DNA was extracted from blood or buccal samples collected at time of interview. Genotyping was done by the University of North Carolina at Chapel Hill, Mammalian Genotyping Core Facility, using the Illumina GoldenGate genotyping assay with Sentrix Array matrix and 96-well standard microtiter plates.
Haplotypes using SNP data were constructed separately for African- and European-Americans using default D’ blocks in Haploview 4.2. The algorithm (13
) constructs 95% confidence limits on D’ and each comparison is defined as either “strong LD”, “inconclusive” or “strong recombination”. A block is created if 95% of informative comparisons are in “strong LD”. Markers with minor allele frequency less than 5% are ignored. Assignment of most likely haplotype for individuals with ambiguous haplotype was done using an EM algorithm in haplo.stats (14
), with minimum counts set to 10.
SES, oral health
Dichotomous variables representing additional potential confounders were: had health insurance on reference date, had a routine dental visit in the last 10 years, ever had a loose permanent tooth due to disease, ever used mouthwash, family history of SCCHN, household poverty as defined by federal guidelines, and education level.

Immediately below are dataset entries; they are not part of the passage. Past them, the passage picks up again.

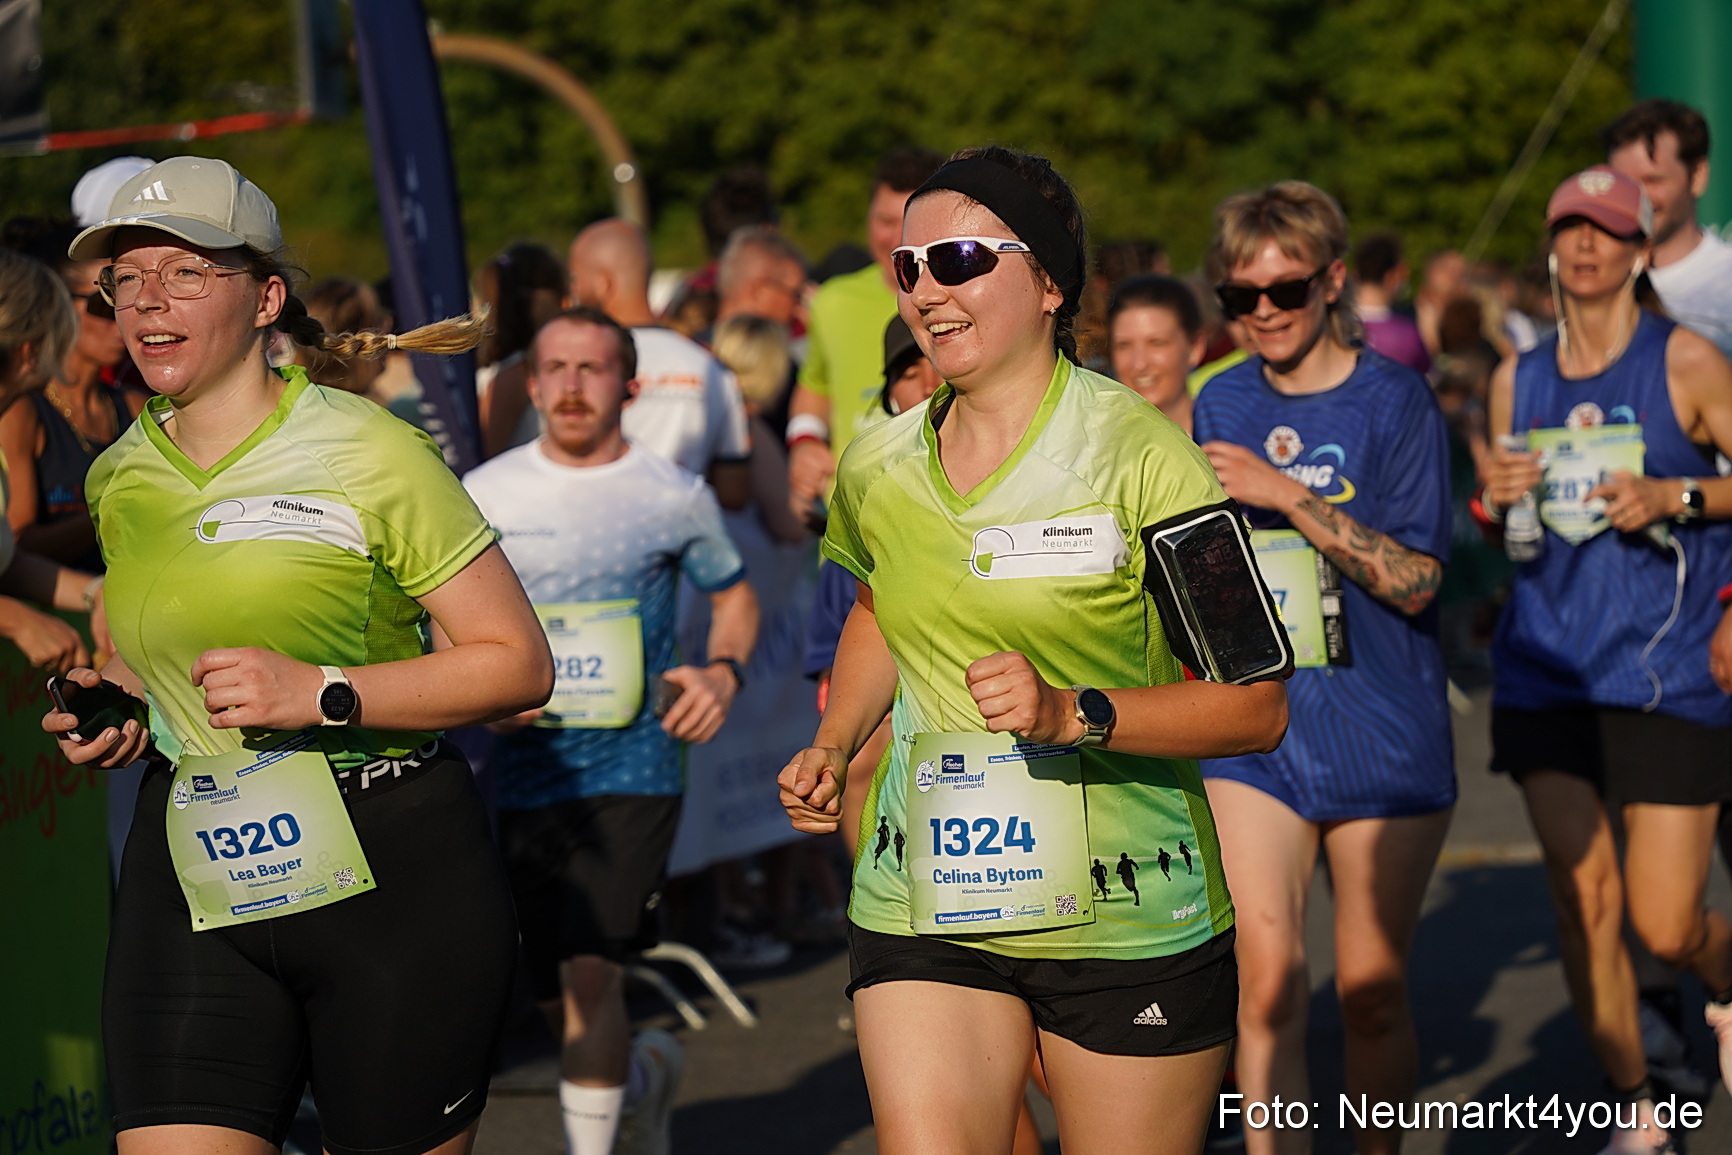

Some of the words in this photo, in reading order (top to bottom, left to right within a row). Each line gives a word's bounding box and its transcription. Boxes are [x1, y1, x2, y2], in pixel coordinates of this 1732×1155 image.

[272, 500, 324, 516] Klinikum
[270, 510, 322, 525] Neumarkt
[1042, 527, 1093, 537] Klinikum
[1042, 539, 1093, 548] Neumarkt
[935, 771, 985, 785] Firmenlauf
[953, 782, 985, 790] neumarkt
[190, 785, 239, 803] Firmenlauf
[210, 794, 241, 806] neumarkt
[195, 813, 302, 861] 1320
[930, 816, 1036, 856] 1324
[228, 868, 256, 882] Lea
[257, 857, 302, 877] Bayer
[933, 868, 982, 884] Celina
[986, 868, 1043, 885] Bytom
[248, 880, 269, 888] Klinikum
[268, 875, 293, 885] Neumarkt
[234, 898, 286, 914] firmenlauf.bayern
[1015, 907, 1046, 917] Firmenlauf
[937, 911, 998, 923] firmenlauf.bayern
[1133, 1016, 1168, 1026] adidas

ORs for the independent effects of SNPs and alcohol, and their interactive effects, were computed using conditional logistic regression implemented in SAS® 9.2. ORs for the main effects of haplotypes were computed using unconditional logistic regression implemented in haplo.stats 1.4.4.
A dominant genetic model (at least one minor allele versus referent of no minor alleles) was used for SNPs because for many SNPs, the number of subjects homozygous for the minor allele was too small to permit precise effect measurement.

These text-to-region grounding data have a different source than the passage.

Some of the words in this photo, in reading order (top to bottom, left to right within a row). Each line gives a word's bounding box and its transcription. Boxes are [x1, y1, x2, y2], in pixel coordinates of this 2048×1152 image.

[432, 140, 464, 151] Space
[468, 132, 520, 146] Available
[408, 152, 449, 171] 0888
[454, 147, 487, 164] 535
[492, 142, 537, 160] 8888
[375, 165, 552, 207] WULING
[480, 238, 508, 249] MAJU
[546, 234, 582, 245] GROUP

Potential covariates were eliminated using step-wise backwards elimination, comparing each reduced model to a full model that included all covariates listed in . No collinearity was noted between variables in the full model, with one exception as described below. If a covariate did not change the ln(OR) for any SNP by a difference of at least 0.10, it was eliminated from subsequent models. Final models for genetic main effects contained a single SNP or haplotype and duration of smoking as a continuous variable. Models estimating SNP-drinking interaction also included categorized lifetime ethanol consumption. We had insufficient power to detect haplotype-drinking interaction because haplotypes were constructed and analyzed separately for African- and European-Americans. The conditional logistic regression used for SNPs by definition takes into account the matching variables of age, sex, and race. The unconditional logistic regression models used for haplotypes (for each race separately) included, as covariates, sex, age, and their 2-way interaction. Ancestry was not important for the polymorphisms studied, probably because self-reported race was already included (as a matching variable). The ancestry variable also showed evidence of collinearity with race, so for these reasons and for parsimony’s sake, ancestry was excluded from final models.

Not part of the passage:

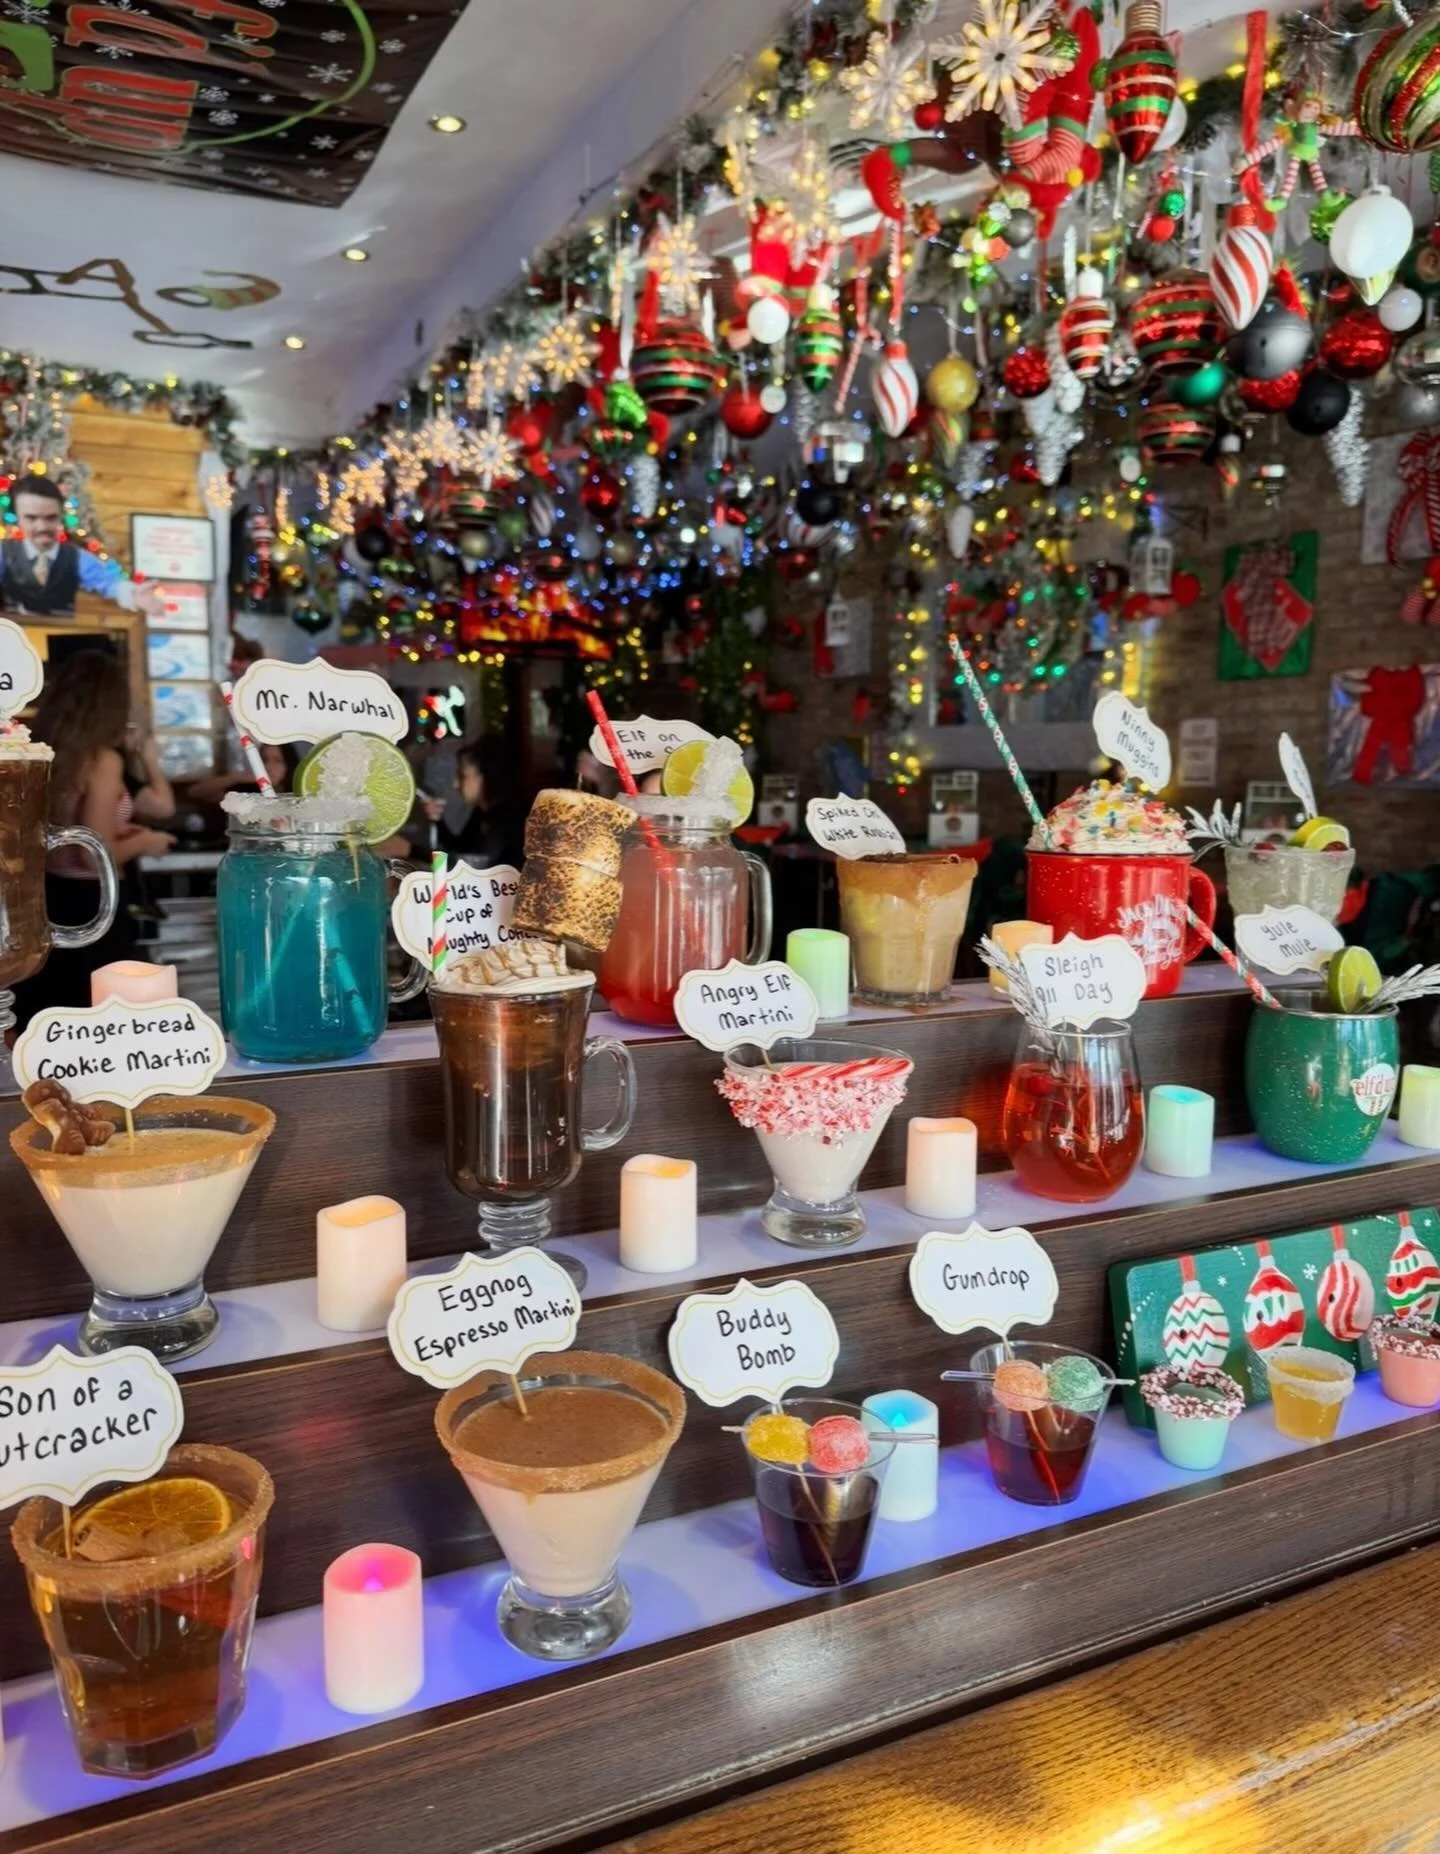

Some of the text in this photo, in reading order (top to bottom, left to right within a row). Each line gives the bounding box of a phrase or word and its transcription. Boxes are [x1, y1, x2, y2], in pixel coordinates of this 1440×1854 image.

Distribution of non-genetic variables in cases and controls
A Bonferroni correction was used to adjust p-values and ICR confidence intervals (CIs) to control for Type 1 error introduced by multiple statistical testing, for either 64 tests (for 64 SNPs) or for 12 or 13 tests (for haplotypes).
Departures from additive interaction were evaluated by computing interaction contrast ratios (ICRs) and Bonferroni-corrected CIs. ICRs were calculated using cancer odds ratios of subjects in three categories: (1) the highest drinking category and no minor allele (OR01); (2) never-drinkers with at least one minor allele (OR10); and (3) subjects in the highest drinking category and at least one minor allele (OR11), compared to never-drinkers homozygous for the major allele (i.e., the referent: OR00 = 1.0). ICR is calculated as follows: ICR=OR11 − OR01 − OR10 + 1. ICRs significantly different from zero indicate departure from additive interaction.